RECORDS SUPPLIED START

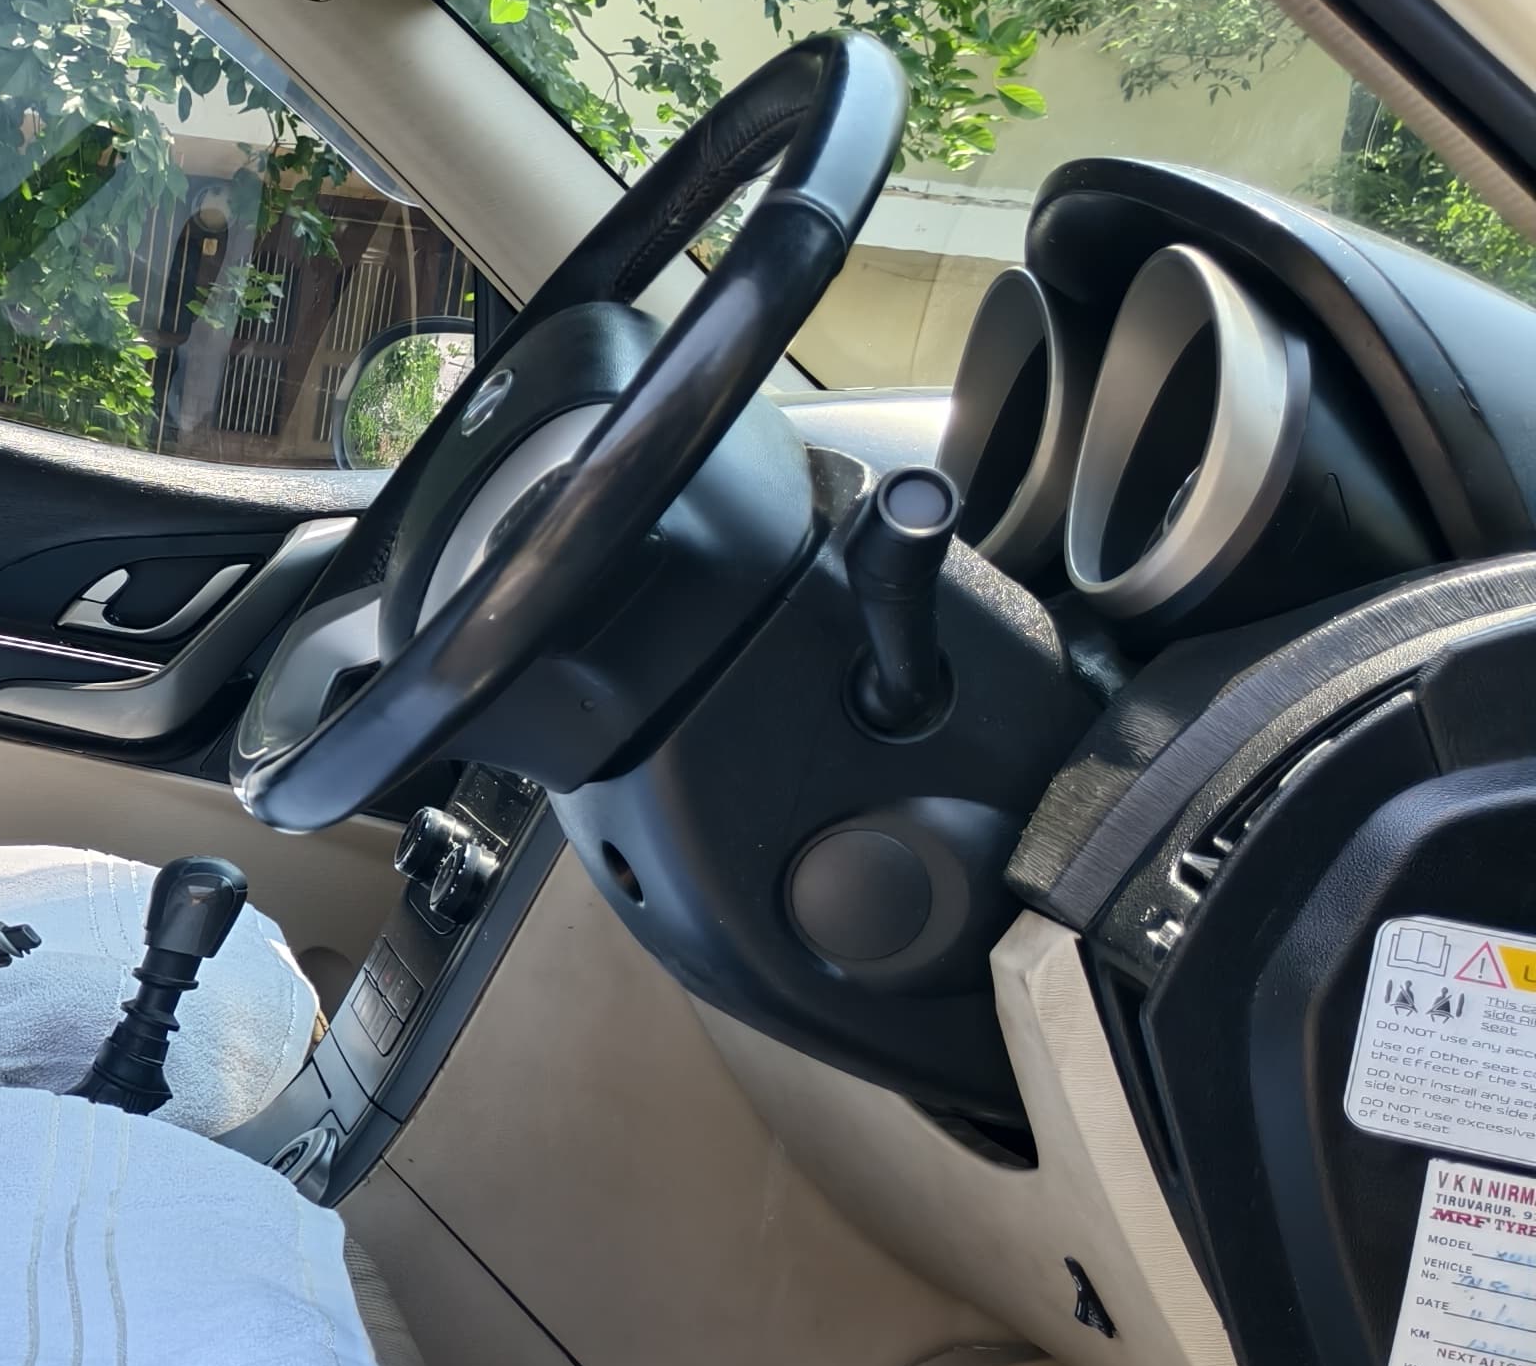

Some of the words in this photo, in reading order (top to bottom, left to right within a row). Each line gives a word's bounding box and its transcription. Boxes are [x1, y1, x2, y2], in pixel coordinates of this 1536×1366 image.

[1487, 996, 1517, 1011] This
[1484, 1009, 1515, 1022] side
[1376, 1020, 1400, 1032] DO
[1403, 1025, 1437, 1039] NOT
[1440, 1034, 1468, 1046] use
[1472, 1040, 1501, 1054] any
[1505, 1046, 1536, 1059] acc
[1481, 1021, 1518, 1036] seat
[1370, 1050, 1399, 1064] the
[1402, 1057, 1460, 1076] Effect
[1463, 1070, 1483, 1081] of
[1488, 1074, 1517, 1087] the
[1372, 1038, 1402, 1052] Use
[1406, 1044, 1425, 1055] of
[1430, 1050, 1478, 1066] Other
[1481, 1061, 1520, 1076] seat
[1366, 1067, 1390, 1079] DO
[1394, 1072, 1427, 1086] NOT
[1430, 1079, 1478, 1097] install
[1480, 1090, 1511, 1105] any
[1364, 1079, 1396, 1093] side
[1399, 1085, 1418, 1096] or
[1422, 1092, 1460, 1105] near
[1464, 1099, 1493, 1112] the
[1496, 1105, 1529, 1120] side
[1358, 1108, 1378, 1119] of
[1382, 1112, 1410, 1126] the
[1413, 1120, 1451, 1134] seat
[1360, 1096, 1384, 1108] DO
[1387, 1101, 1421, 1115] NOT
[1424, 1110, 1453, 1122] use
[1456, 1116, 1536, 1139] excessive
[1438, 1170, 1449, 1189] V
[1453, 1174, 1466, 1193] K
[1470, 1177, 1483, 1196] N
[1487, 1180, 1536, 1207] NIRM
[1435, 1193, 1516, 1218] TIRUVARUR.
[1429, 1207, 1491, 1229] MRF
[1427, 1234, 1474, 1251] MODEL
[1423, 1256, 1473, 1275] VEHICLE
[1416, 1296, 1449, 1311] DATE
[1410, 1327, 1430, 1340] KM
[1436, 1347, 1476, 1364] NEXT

RECORDS SUPPLIED END

• **TO DO**
For each line above that includes the word "seat", make a copy of that line.

• **COMPLETED TASK**
[1481, 1021, 1518, 1036] seat
[1481, 1061, 1520, 1076] seat
[1413, 1120, 1451, 1134] seat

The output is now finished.